Collected data
-- -- --

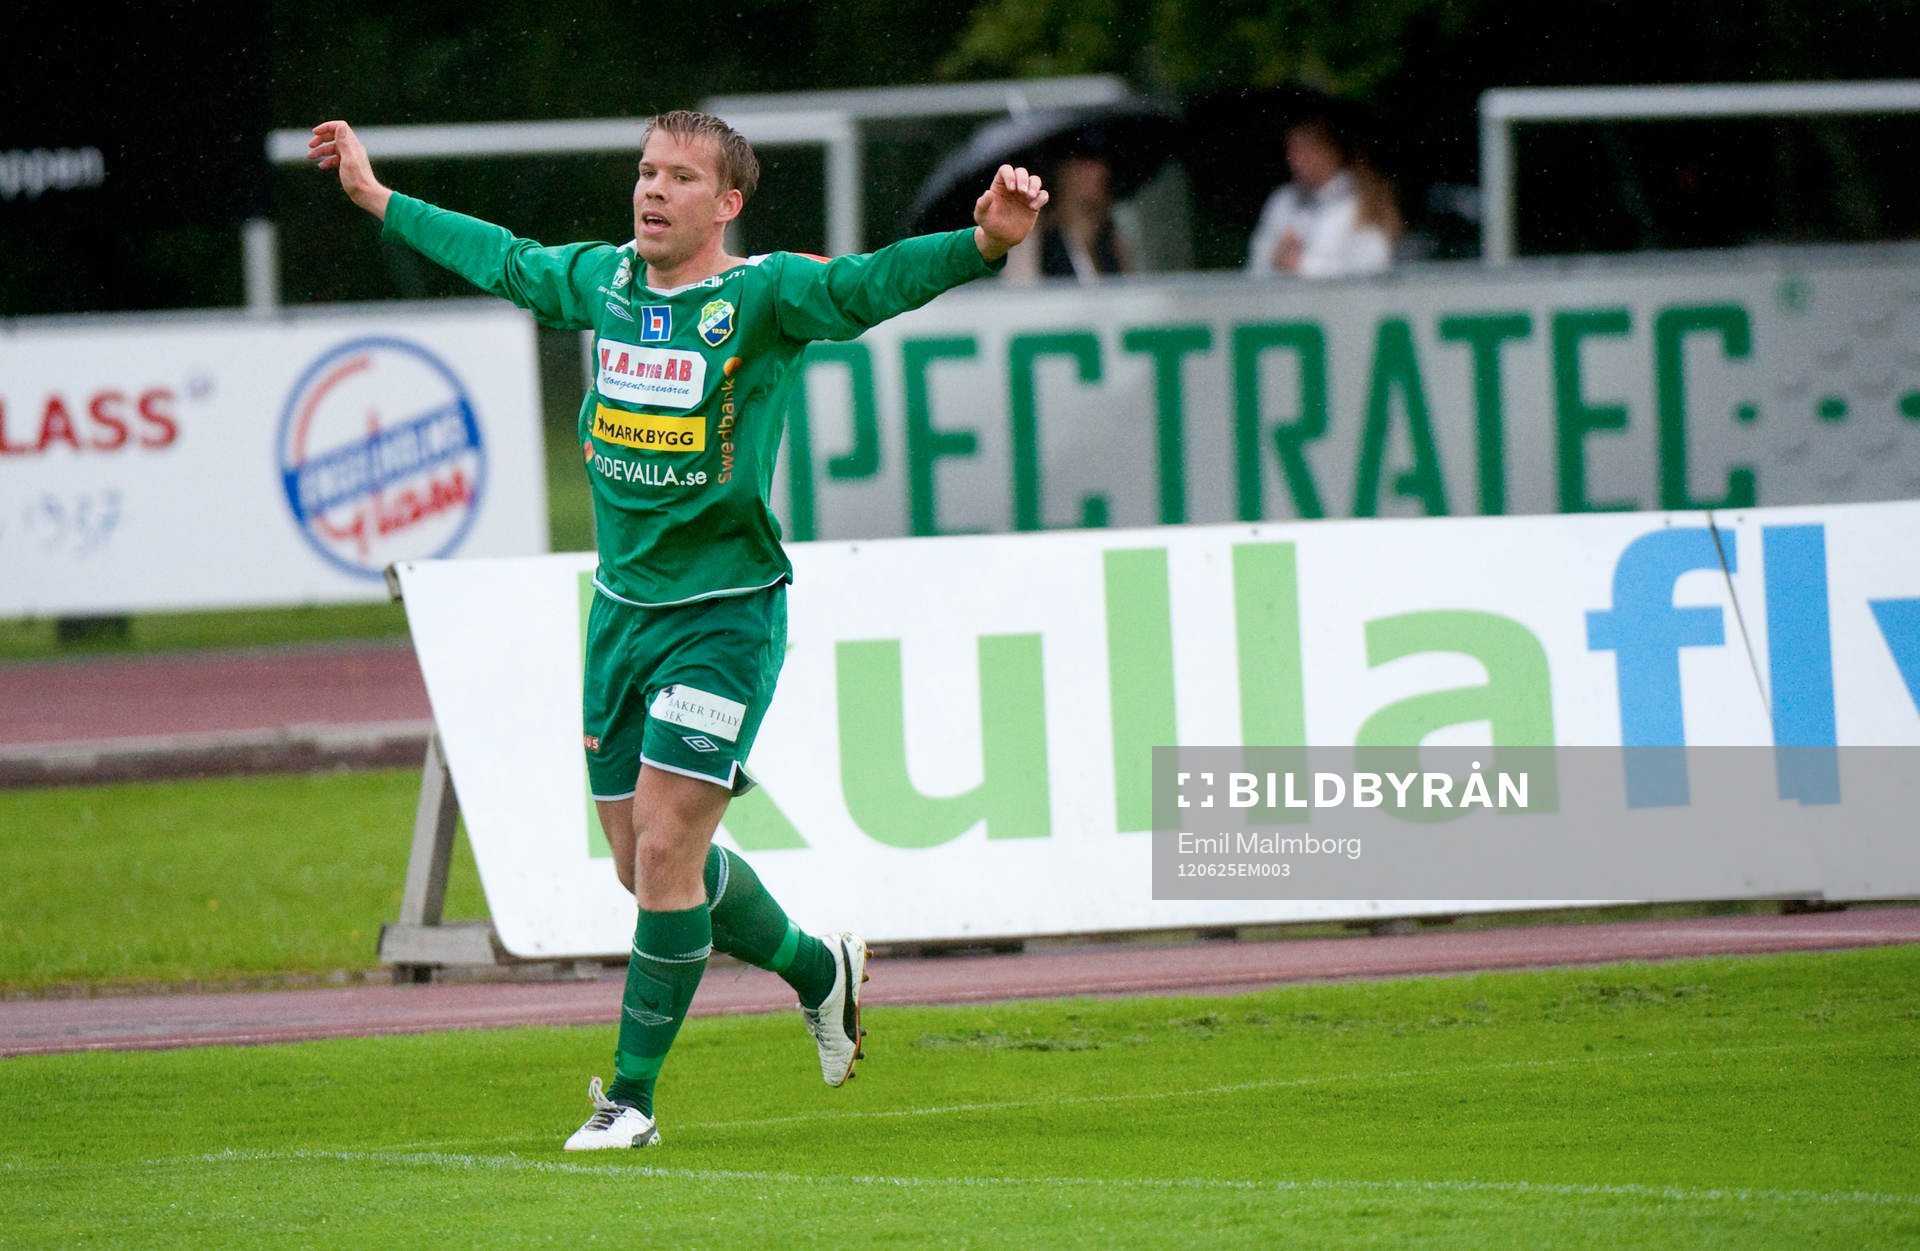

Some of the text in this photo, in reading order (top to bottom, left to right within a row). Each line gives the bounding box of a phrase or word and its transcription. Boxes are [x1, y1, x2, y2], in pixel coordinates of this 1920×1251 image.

[664, 357, 693, 382] AB
[0, 386, 181, 455] LASS
[717, 377, 735, 485] Swedbank
[594, 453, 708, 487] DDEVALLA.se
[710, 708, 740, 727] TILLY
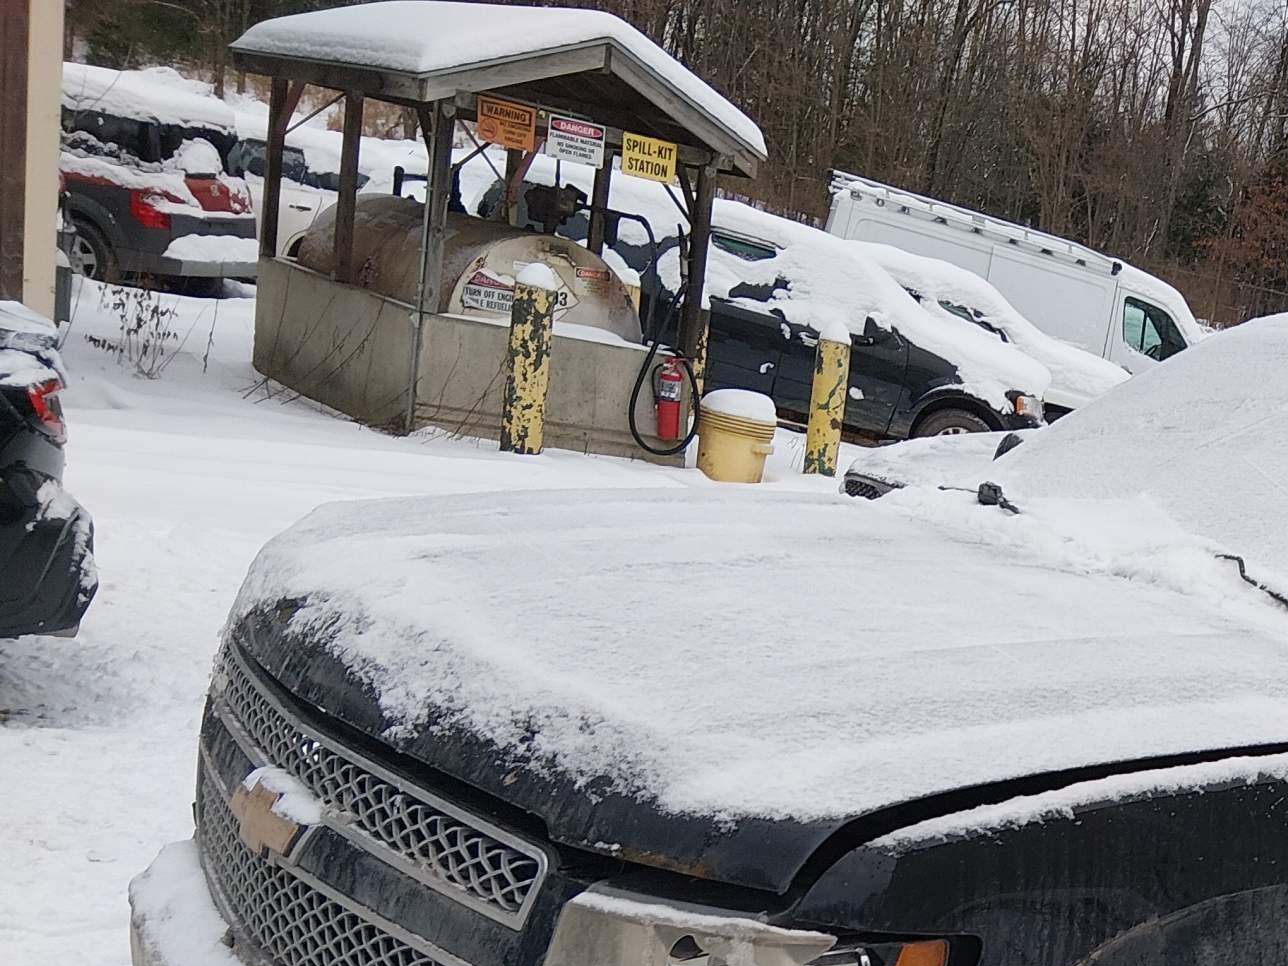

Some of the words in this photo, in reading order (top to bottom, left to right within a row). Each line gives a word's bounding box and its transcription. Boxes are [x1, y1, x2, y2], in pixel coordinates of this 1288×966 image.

[486, 104, 526, 122] WARNING
[560, 121, 594, 136] DANGER
[626, 138, 673, 160] SPILL-KIT
[628, 157, 668, 178] STATION
[464, 287, 481, 297] TURN
[484, 290, 495, 299] OFF

-- -- --

• TO DO:
The reply must match the records exactly, apart from the pictures, which are left out.

• EXERCISE RESULT:
Some of the text in this photo, in reading order (top to bottom, left to right within a row). Each line gives the bounding box of a phrase or word and its transcription. Boxes are [x1, y1, x2, y2], in pixel coordinates of this 1920×1251 image.

[664, 357, 693, 382] AB
[0, 386, 181, 455] LASS
[717, 377, 735, 485] Swedbank
[594, 453, 708, 487] DDEVALLA.se
[710, 708, 740, 727] TILLY

Some of the words in this photo, in reading order (top to bottom, left to right within a row). Each line gives a word's bounding box and its transcription. Boxes are [x1, y1, x2, y2], in pixel coordinates of this 1288×966 image.

[486, 104, 526, 122] WARNING
[560, 121, 594, 136] DANGER
[626, 138, 673, 160] SPILL-KIT
[628, 157, 668, 178] STATION
[464, 287, 481, 297] TURN
[484, 290, 495, 299] OFF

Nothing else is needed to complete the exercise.